L'importanza che ebbe l'attività editoriale dell'A. (notevole anche se talvolta incauta ed affrettata), oscurò precocemente la sua fama di poeta secondo un giudizio negativo espresso già da C. Caporali (Parte seconda dell'Esequie di Mecenate, Perugia 1770, pp. 265 s.) e rimasto insuperato nella modesta tradizione di studi critici dedicati alla figura dell'Atanagi. Nell'ambito di una ispirazione incerta e limitata, troppo spesso la tematica delle Rime si sviluppa secondo i tradizionali modelli della lirica celebrativa, ovvero si esaurisce nell'imitazione schematica di un esausto classicismo che cede non di rado di fronte a un più tenace e risentito spirito controriformista: "Veramente siani polvere ed ombra, / E nostra vita, che ne par si bella /È solo undì, che', n aprir chiude il cielo... " (Per la morte della duchessa Leonora, in Dennistoun, III, p. 280).

Maggiori risultati artistici raggiungono le prose; non tanto quelle latine atteggiate a un vago ideale di retorica magniloquenza, quanto talune prose volgari come quella Vita di Irene da Spilimbergo che non a torto piacque al Giordani e, più recentemente, a B. Croce. In quest'opera, che supera largamente le poesie composte per l'occasione da letterati e poeti famosi quali B. e T. Tasso, L. Tansillo, A. Di Costanzo, L. Terracina, la vena sottilmente affettiva e melanconica dell'A. può felicemente diffondersi nel breve dispiegarsi della rievocazione biografica, rappresentando il personaggio evanescente della giovinetta in un clima di trasognata e poetica evidenza.
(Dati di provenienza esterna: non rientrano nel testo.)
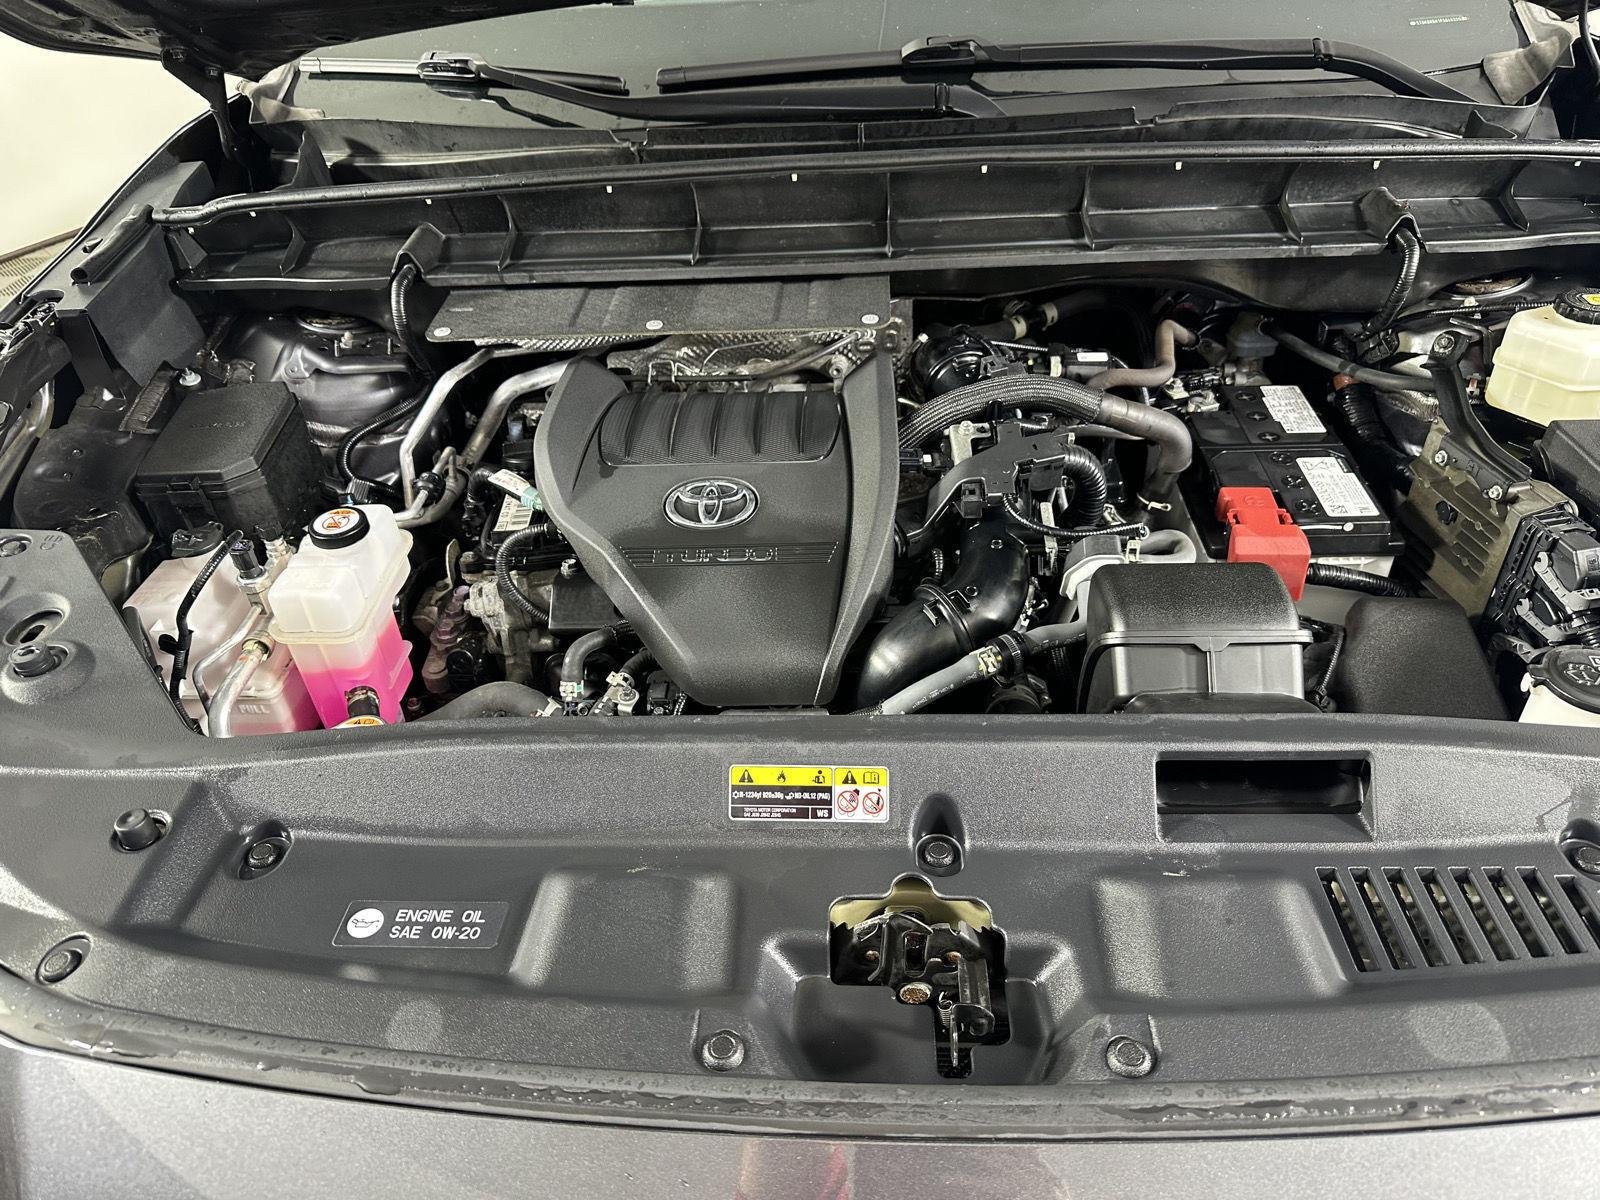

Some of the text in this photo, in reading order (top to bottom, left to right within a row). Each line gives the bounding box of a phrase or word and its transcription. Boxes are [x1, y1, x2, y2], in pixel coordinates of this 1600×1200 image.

[816, 809, 829, 818] WS
[395, 909, 486, 923] ENGINE OIL
[389, 925, 423, 939] SAE
Le Lettere che si leggono nelle cit. op. del Turchi, dello Zucchi e del Manuzio (ristampate queste ultime nella Nuova scielta di lettere di diversi curata da B. Pino, Venetia 1574) rispondono a una esigenza di equilibrio e di classico decoro.

Fonti e Bibl.: La Vita di Irene di Spilimbergo fu ristampata da P. Giordani in Fiori d'arte e di lettere italiane per l'anno 1839, Milano 1839, e inclusa nelle successive edizioni delle Opere del Giordani; Dionisii Athanasii Calliensis inedita (ed. E. Mochi), Romae 1879; v. inoltre J. Dennistoun, Memoirs of the dukes of Urbino, III, London 1851, pp. 277-281, 288; F. Ugofini, Storia dei conti e duchi di Urbino, I, Firenze 1859, p. 159; C. Arlia, I correttori di stampe nelle antiche tipografie italiane, in Il bibliofilo, VII (1886), p. 82; A. Solerti, Vita di Torquato Tasso, I, Torino, 1895, pp. 33, 34, 36, 37, 38, 42. 57. 78, 96; A. Tarducci, L'A. da Cagli, Cagli 1904; Id., Dizionarietto biografico cagliese, Cagli 1909. pp. 21 e.; V. Luce, D. A., in Picenum, V (1908), pp. 205-208; E. Liburdi, Irene di Spilimbergo e l'A. da Cagli, in Picenum, XII(1915), pp. 242-245; L. v. Pastor. Storia dei Papi, V, Roma 1924, p. 696; VI, ibid. 1927, pp. 325, 341; B. Croce, Isabella di Morra e Diego Sandoval de Castro, in La Critica, XXVII(1929), p. 19; Id., Scrittori e poeti del Pieno e del tordo Rinascimento, Bari 1945, I. pp. 89, 366-375; II pp. 70 s.; Id., Aneddoti di varia letteratura, I, Bari 1953, p. 319; E. Chiorboli, Stampatori ignoti e ignorate edizioni del Cinquecento, in La Bibliofilia, XXXVI (1934), pp. 1197-199.